As Katie and Sloan wait for the bus at a restaurant, two handsome boys, Lucas and Jed offer them a ride to the farm. Although Katie is hesitant, Sloan pushes her to accept the offer. They both acquiesce and load into the boys' truck. However, the boys do not stop at the farm and instead make a detour at Jed's family home. The girls are introduced to the boys' mother, who serves them food that causes them to black out.

When they regain consciousness, the girls find themselves in their underwear and chained inside large storage containers in the middle of the woods. They discover they are the victims of a sexual exploitation ring run by Boris. As Boris looks through Katie's phone, he notices the coded text but unaware that it must be changed daily, sends out a text stating everything is fine. He instructs the boys to prepare the girls, who are then sexually assaulted by the local sheriff, a man in a pig mask, and another local.

The uncle notices something amiss in his niece's follow up text and decides to search for the girls. He shows up back in town and speaks with the local sheriff, who tries to assuage the uncle's concerns. After being tipped off by the sheriff of the FBI's presence, Boris orders Jed to dispose of the girls and to "dump them where they dumped the others".

Undeterred, the uncle speaks with the employee of the restaurant, who recognizes the girls and tells the uncle that he saw them leave with a couple of boys in a blue truck. The uncle uses the description given to track down the owner: Boris.

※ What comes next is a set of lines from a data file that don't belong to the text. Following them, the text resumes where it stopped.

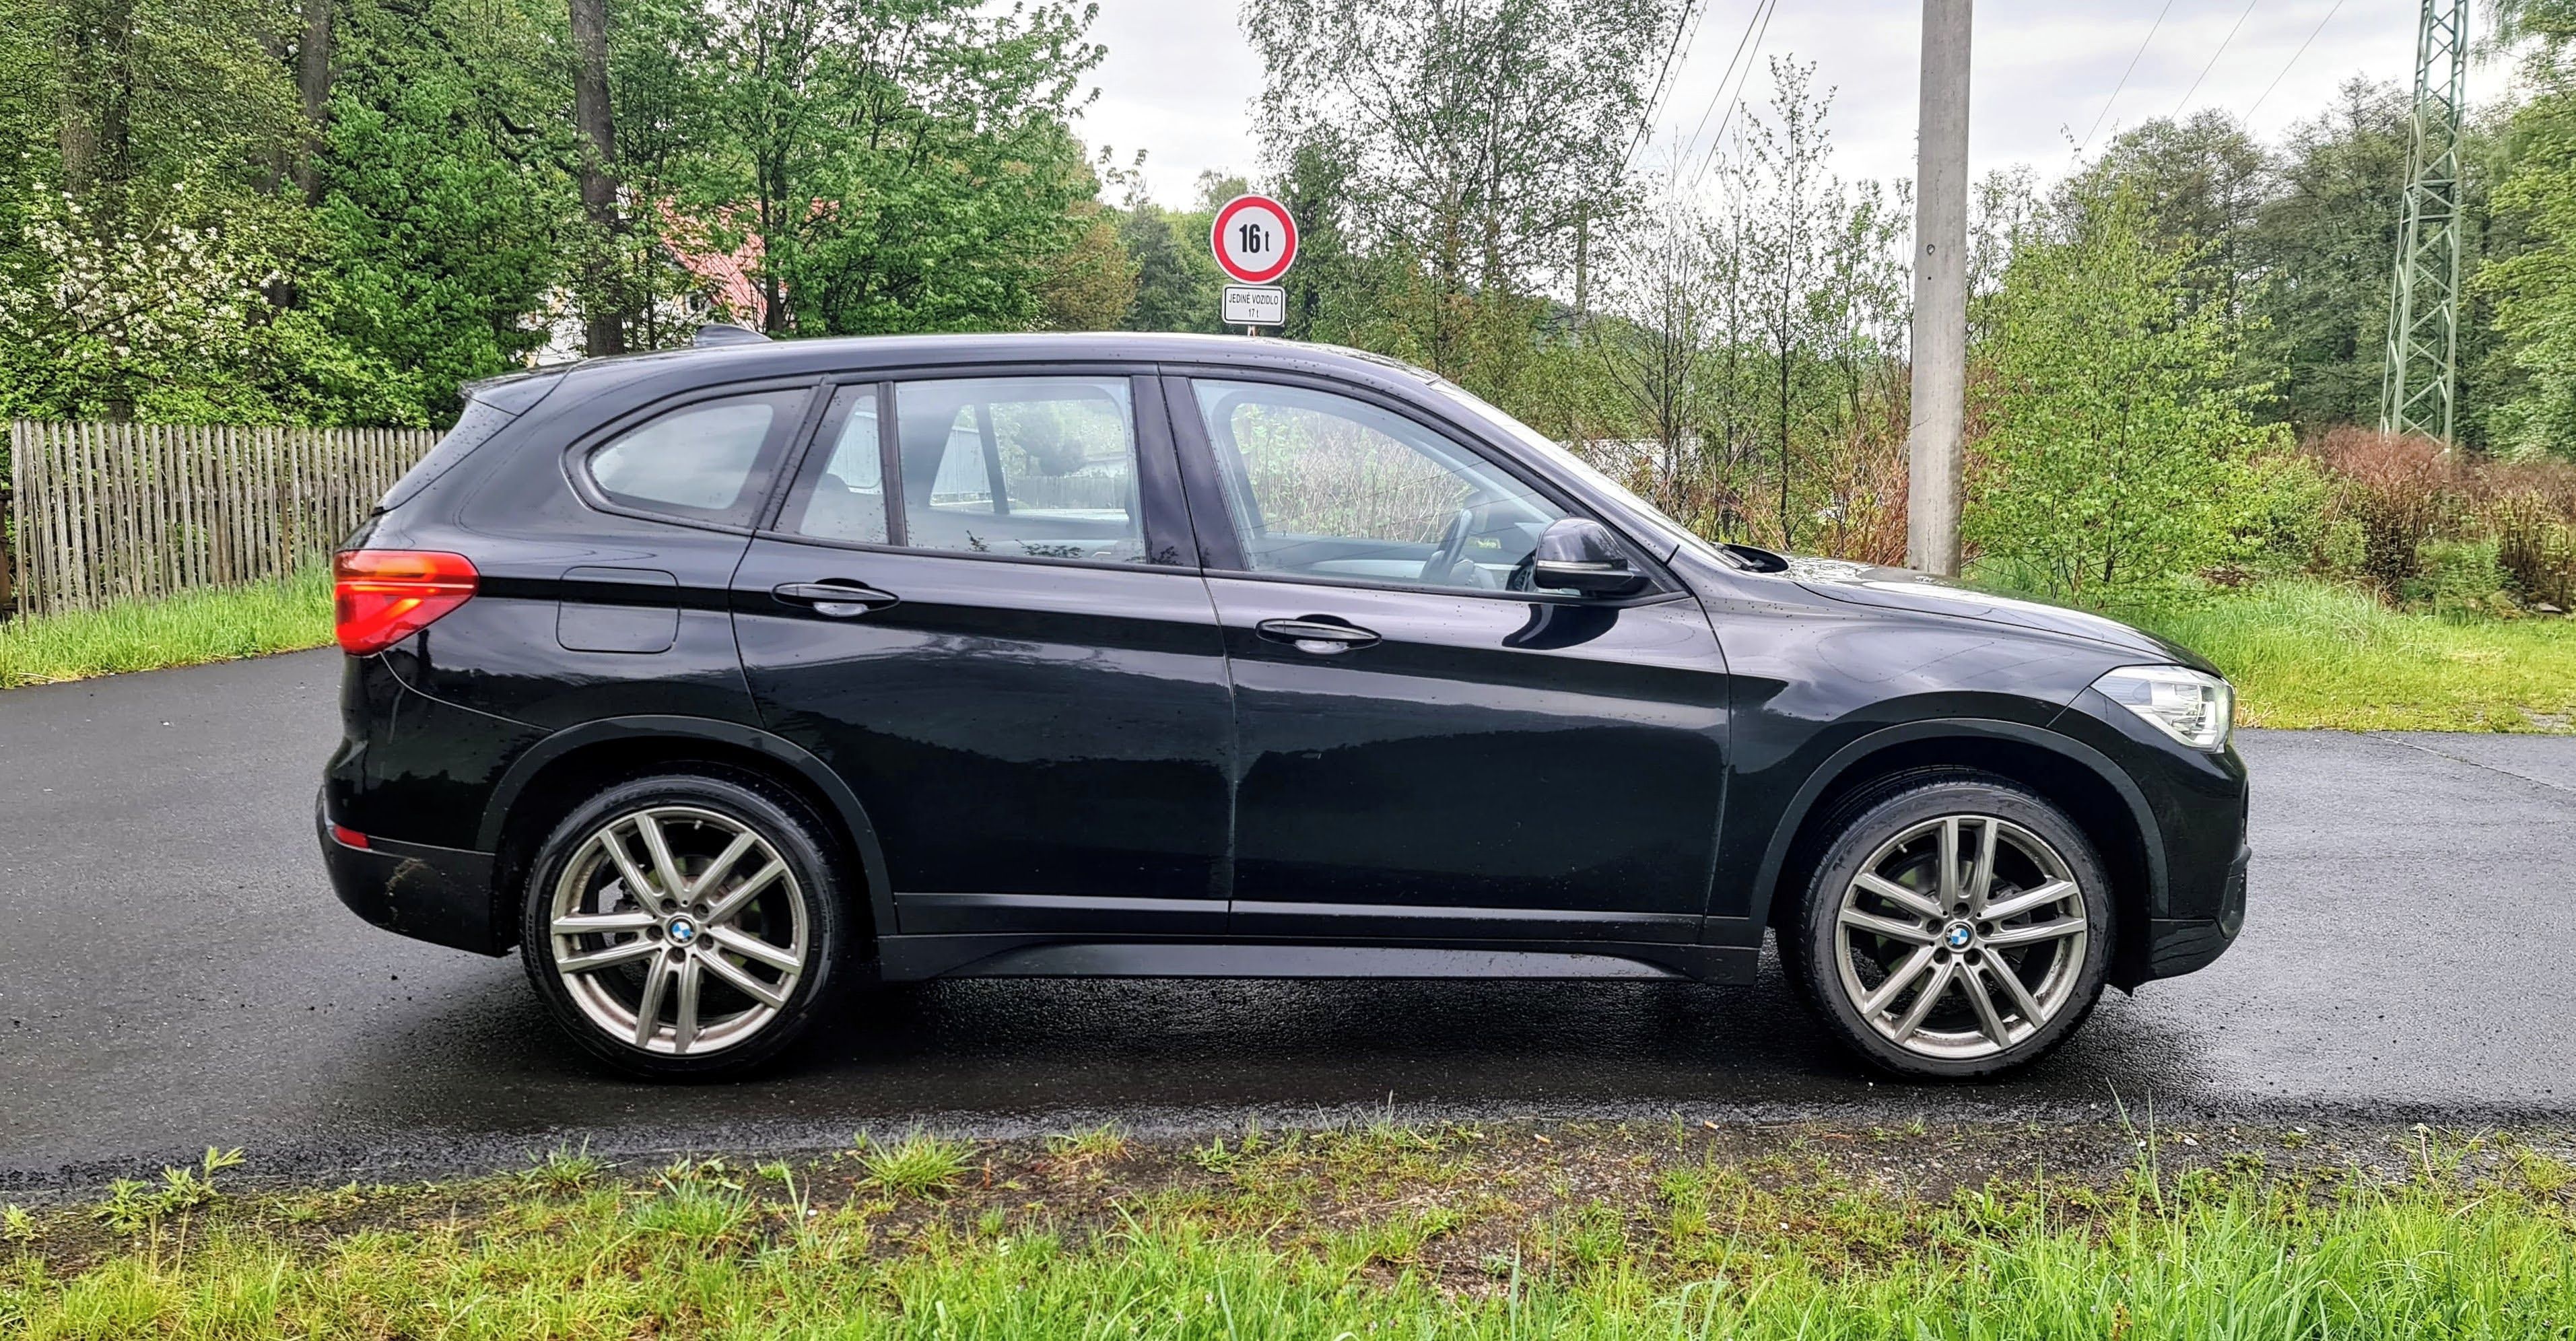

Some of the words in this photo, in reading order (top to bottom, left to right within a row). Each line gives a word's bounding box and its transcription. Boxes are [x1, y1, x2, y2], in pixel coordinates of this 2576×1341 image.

[1239, 224, 1260, 253] 16
[1265, 231, 1269, 252] t
[1229, 292, 1250, 304] JEDINÉ
[1252, 294, 1279, 305] VOZIDLO
[1248, 308, 1255, 318] 17

Back at the storage containers, Katie is forced to engage with the local from earlier. At first she plays along but then kills him by biting into his jugular. Katie retrieves the keys and frees herself and Sloan, who has no pants for the duration of the revenge. As the sheriff arrives on the scene, he finds the body of the local but turns around to find his police car stolen by the girls. Primed for revenge, the girls stop by a hardware store and stock up on makeshift weapons.

Boris arrives home to find himself ambushed by the two girls. They interrogate him for information on the remaining accomplices and as soon as he relinquishes, the girls kill him. With the uncle in town, the girls track down the remaining accomplices and murder each one in increasingly inventive ways until everyone involved has perished.

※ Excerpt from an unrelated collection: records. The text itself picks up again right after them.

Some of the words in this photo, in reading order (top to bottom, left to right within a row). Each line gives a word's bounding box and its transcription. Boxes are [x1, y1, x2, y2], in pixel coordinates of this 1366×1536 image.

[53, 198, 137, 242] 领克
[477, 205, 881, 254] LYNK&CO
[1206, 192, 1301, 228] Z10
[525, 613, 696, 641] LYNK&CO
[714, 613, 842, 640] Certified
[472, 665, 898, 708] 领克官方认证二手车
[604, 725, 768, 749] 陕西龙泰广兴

Some time later, the uncle visits Katie and Sloan as they leave for their New York trip. Katie's mother asks the uncle if she should be worried. The uncle replies with, "They're smart girls, they'll be fine".

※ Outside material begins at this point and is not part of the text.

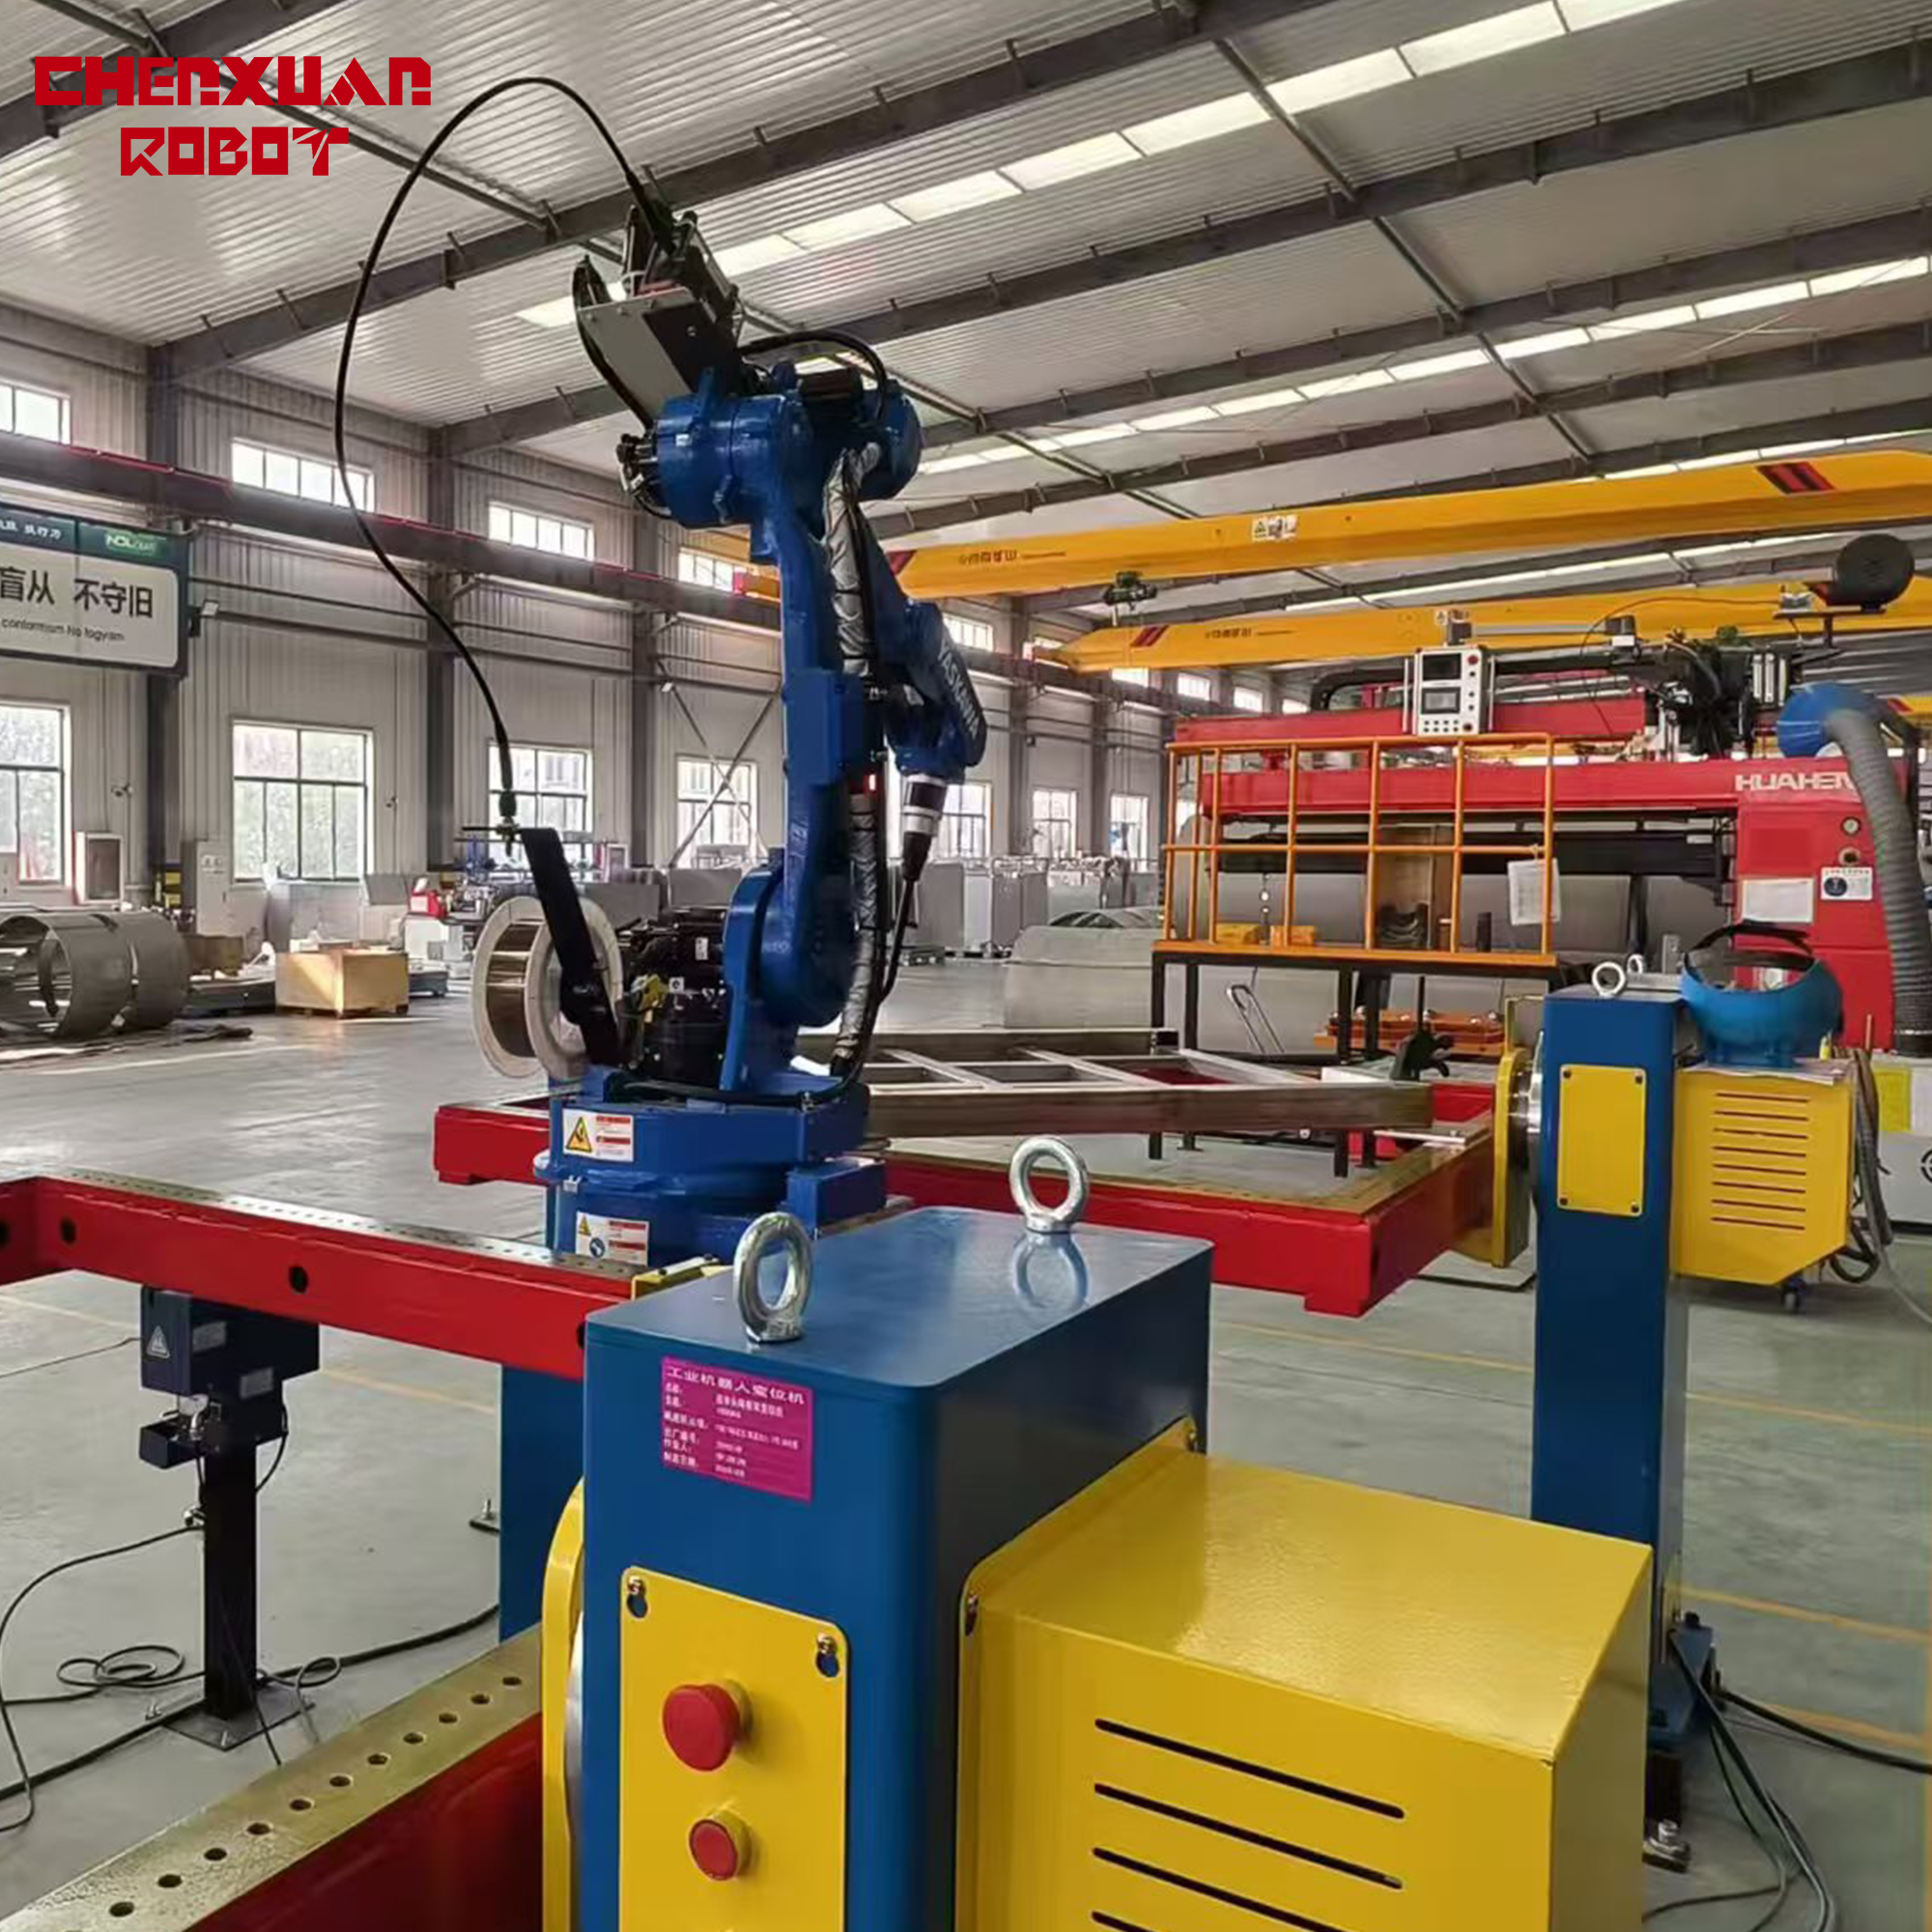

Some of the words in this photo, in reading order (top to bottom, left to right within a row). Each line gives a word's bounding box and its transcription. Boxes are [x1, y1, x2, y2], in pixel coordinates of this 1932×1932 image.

[0, 565, 55, 606] 盲从
[73, 578, 154, 619] 不守旧
[937, 638, 980, 740] YASKAWA

At the airport, Katie and Sloan walk past a mysterious man who sports a sign for organic farms and warmly greets another pair of potential victims.

==Cast==
- Kirsten Prout as Sloan
- Tiera Skovbye as Katie
- Garrett Black as Jed
- Darren Mann as Travis
- Jameson Parker as Lucas
- Michael Karl Richards as Jason
- Christian Sloan as The Pastor
- Patrick Gilmore as Boris
- Graem Beddoes as Cigarette Man
- Craig March as Sheriff Andrews
- Gwynyth Walsh as Mother

==Release==
The film had its worldwide premiere at the Mile High Horror Film Festival on October 2, 2015. It was then released on VOD/digital and cable platforms on May 2, 2017. It was also released on DVD and digital platforms in the United Kingdom on June 13, 2016.

==Reception==
On Bloody Disgusting, Patrick Cooper wrote that the film "reaches a nice balance of human horror, dark comedy, and violent revenge flick. Usurping expectations while delivering a rowdy crowd-pleaser is a tough one."